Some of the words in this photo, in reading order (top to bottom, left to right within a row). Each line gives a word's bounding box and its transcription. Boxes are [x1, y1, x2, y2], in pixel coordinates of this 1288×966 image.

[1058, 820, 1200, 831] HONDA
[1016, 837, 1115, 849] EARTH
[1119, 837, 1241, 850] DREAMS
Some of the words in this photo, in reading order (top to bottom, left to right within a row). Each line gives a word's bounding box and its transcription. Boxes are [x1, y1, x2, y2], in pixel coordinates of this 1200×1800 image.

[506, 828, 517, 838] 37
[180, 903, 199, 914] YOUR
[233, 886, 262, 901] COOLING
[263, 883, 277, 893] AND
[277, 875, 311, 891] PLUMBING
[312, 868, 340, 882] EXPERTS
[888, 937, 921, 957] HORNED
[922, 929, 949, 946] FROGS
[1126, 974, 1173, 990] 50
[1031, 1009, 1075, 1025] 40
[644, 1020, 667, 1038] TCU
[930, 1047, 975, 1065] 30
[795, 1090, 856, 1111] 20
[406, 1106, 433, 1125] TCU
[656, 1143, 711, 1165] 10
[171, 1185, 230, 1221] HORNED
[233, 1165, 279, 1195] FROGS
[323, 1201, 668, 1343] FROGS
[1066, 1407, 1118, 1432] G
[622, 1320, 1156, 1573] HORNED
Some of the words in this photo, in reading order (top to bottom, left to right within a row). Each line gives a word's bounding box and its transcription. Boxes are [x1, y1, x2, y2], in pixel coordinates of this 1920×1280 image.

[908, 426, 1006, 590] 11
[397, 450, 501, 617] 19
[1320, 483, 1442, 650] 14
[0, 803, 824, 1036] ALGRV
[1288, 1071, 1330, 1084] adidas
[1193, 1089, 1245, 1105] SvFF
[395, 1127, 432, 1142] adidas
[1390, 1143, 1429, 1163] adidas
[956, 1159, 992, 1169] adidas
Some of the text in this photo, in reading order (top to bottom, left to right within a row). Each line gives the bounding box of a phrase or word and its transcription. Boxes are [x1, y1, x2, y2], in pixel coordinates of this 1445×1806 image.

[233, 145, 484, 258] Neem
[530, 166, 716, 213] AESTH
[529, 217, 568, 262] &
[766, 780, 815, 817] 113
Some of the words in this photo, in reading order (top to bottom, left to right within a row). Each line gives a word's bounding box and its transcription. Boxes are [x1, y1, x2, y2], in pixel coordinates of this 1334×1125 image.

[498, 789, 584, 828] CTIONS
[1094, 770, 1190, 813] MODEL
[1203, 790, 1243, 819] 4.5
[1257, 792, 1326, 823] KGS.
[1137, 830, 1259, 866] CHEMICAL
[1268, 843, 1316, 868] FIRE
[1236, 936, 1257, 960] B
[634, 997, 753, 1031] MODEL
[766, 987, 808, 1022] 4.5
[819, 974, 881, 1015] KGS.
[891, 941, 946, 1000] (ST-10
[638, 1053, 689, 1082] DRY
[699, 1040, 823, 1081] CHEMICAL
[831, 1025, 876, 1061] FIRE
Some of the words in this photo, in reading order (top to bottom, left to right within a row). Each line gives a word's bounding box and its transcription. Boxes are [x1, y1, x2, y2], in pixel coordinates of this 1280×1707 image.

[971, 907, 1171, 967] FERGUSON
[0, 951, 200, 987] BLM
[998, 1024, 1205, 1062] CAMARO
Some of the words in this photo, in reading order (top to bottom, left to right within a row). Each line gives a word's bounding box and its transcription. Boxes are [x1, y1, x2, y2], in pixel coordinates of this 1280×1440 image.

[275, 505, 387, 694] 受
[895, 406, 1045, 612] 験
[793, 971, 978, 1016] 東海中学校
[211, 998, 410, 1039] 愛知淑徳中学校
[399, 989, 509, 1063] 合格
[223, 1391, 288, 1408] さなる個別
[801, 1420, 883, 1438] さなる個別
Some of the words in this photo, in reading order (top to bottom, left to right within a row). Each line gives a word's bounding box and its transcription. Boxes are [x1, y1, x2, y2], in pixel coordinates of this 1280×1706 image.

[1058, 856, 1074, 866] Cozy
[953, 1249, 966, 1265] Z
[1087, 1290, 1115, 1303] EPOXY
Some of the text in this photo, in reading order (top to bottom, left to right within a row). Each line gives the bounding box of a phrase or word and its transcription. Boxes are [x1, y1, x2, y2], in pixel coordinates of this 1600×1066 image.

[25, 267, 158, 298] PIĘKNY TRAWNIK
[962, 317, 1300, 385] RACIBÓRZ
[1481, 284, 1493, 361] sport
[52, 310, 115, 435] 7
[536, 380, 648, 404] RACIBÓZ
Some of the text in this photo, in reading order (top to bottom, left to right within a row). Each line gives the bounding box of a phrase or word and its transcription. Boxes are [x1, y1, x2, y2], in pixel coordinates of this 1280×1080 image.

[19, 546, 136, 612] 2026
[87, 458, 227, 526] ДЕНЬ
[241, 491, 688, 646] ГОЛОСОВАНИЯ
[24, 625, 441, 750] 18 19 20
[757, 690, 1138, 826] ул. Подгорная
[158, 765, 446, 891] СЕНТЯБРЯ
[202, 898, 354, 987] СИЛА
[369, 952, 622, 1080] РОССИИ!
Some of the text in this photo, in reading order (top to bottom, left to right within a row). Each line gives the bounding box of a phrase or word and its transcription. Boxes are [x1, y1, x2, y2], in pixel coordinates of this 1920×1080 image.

• **TASK DIRECTIONS**
Retype all the material above precisely, with no line left out.

• **RESULT FOR THIS EXERCISE**
Some of the words in this photo, in reading order (top to bottom, left to right within a row). Each line gives a word's bounding box and its transcription. Boxes are [x1, y1, x2, y2], in pixel coordinates of this 1288×966 image.

[1058, 820, 1200, 831] HONDA
[1016, 837, 1115, 849] EARTH
[1119, 837, 1241, 850] DREAMS
Some of the words in this photo, in reading order (top to bottom, left to right within a row). Each line gives a word's bounding box and its transcription. Boxes are [x1, y1, x2, y2], in pixel coordinates of this 1200×1800 image.

[506, 828, 517, 838] 37
[180, 903, 199, 914] YOUR
[233, 886, 262, 901] COOLING
[263, 883, 277, 893] AND
[277, 875, 311, 891] PLUMBING
[312, 868, 340, 882] EXPERTS
[888, 937, 921, 957] HORNED
[922, 929, 949, 946] FROGS
[1126, 974, 1173, 990] 50
[1031, 1009, 1075, 1025] 40
[644, 1020, 667, 1038] TCU
[930, 1047, 975, 1065] 30
[795, 1090, 856, 1111] 20
[406, 1106, 433, 1125] TCU
[656, 1143, 711, 1165] 10
[171, 1185, 230, 1221] HORNED
[233, 1165, 279, 1195] FROGS
[323, 1201, 668, 1343] FROGS
[1066, 1407, 1118, 1432] G
[622, 1320, 1156, 1573] HORNED
Some of the words in this photo, in reading order (top to bottom, left to right within a row). Each line gives a word's bounding box and its transcription. Boxes are [x1, y1, x2, y2], in pixel coordinates of this 1920×1280 image.

[908, 426, 1006, 590] 11
[397, 450, 501, 617] 19
[1320, 483, 1442, 650] 14
[0, 803, 824, 1036] ALGRV
[1288, 1071, 1330, 1084] adidas
[1193, 1089, 1245, 1105] SvFF
[395, 1127, 432, 1142] adidas
[1390, 1143, 1429, 1163] adidas
[956, 1159, 992, 1169] adidas
Some of the text in this photo, in reading order (top to bottom, left to right within a row). Each line gives the bounding box of a phrase or word and its transcription. Boxes are [x1, y1, x2, y2], in pixel coordinates of this 1445×1806 image.

[233, 145, 484, 258] Neem
[530, 166, 716, 213] AESTH
[529, 217, 568, 262] &
[766, 780, 815, 817] 113
Some of the words in this photo, in reading order (top to bottom, left to right within a row). Each line gives a word's bounding box and its transcription. Boxes are [x1, y1, x2, y2], in pixel coordinates of this 1334×1125 image.

[498, 789, 584, 828] CTIONS
[1094, 770, 1190, 813] MODEL
[1203, 790, 1243, 819] 4.5
[1257, 792, 1326, 823] KGS.
[1137, 830, 1259, 866] CHEMICAL
[1268, 843, 1316, 868] FIRE
[1236, 936, 1257, 960] B
[634, 997, 753, 1031] MODEL
[766, 987, 808, 1022] 4.5
[819, 974, 881, 1015] KGS.
[891, 941, 946, 1000] (ST-10
[638, 1053, 689, 1082] DRY
[699, 1040, 823, 1081] CHEMICAL
[831, 1025, 876, 1061] FIRE
Some of the words in this photo, in reading order (top to bottom, left to right within a row). Each line gives a word's bounding box and its transcription. Boxes are [x1, y1, x2, y2], in pixel coordinates of this 1280×1707 image.

[971, 907, 1171, 967] FERGUSON
[0, 951, 200, 987] BLM
[998, 1024, 1205, 1062] CAMARO
Some of the words in this photo, in reading order (top to bottom, left to right within a row). Each line gives a word's bounding box and its transcription. Boxes are [x1, y1, x2, y2], in pixel coordinates of this 1280×1440 image.

[275, 505, 387, 694] 受
[895, 406, 1045, 612] 験
[793, 971, 978, 1016] 東海中学校
[211, 998, 410, 1039] 愛知淑徳中学校
[399, 989, 509, 1063] 合格
[223, 1391, 288, 1408] さなる個別
[801, 1420, 883, 1438] さなる個別
Some of the words in this photo, in reading order (top to bottom, left to right within a row). Each line gives a word's bounding box and its transcription. Boxes are [x1, y1, x2, y2], in pixel coordinates of this 1280×1706 image.

[1058, 856, 1074, 866] Cozy
[953, 1249, 966, 1265] Z
[1087, 1290, 1115, 1303] EPOXY
Some of the text in this photo, in reading order (top to bottom, left to right within a row). Each line gives the bounding box of a phrase or word and its transcription. Boxes are [x1, y1, x2, y2], in pixel coordinates of this 1600×1066 image.

[25, 267, 158, 298] PIĘKNY TRAWNIK
[962, 317, 1300, 385] RACIBÓRZ
[1481, 284, 1493, 361] sport
[52, 310, 115, 435] 7
[536, 380, 648, 404] RACIBÓZ
Some of the text in this photo, in reading order (top to bottom, left to right within a row). Each line gives the bounding box of a phrase or word and its transcription. Boxes are [x1, y1, x2, y2], in pixel coordinates of this 1280×1080 image.

[19, 546, 136, 612] 2026
[87, 458, 227, 526] ДЕНЬ
[241, 491, 688, 646] ГОЛОСОВАНИЯ
[24, 625, 441, 750] 18 19 20
[757, 690, 1138, 826] ул. Подгорная
[158, 765, 446, 891] СЕНТЯБРЯ
[202, 898, 354, 987] СИЛА
[369, 952, 622, 1080] РОССИИ!
Some of the text in this photo, in reading order (top to bottom, left to right within a row). Each line gives the bounding box of a phrase or word and its transcription. Boxes are [x1, y1, x2, y2], in pixel coordinates of this 1920×1080 image.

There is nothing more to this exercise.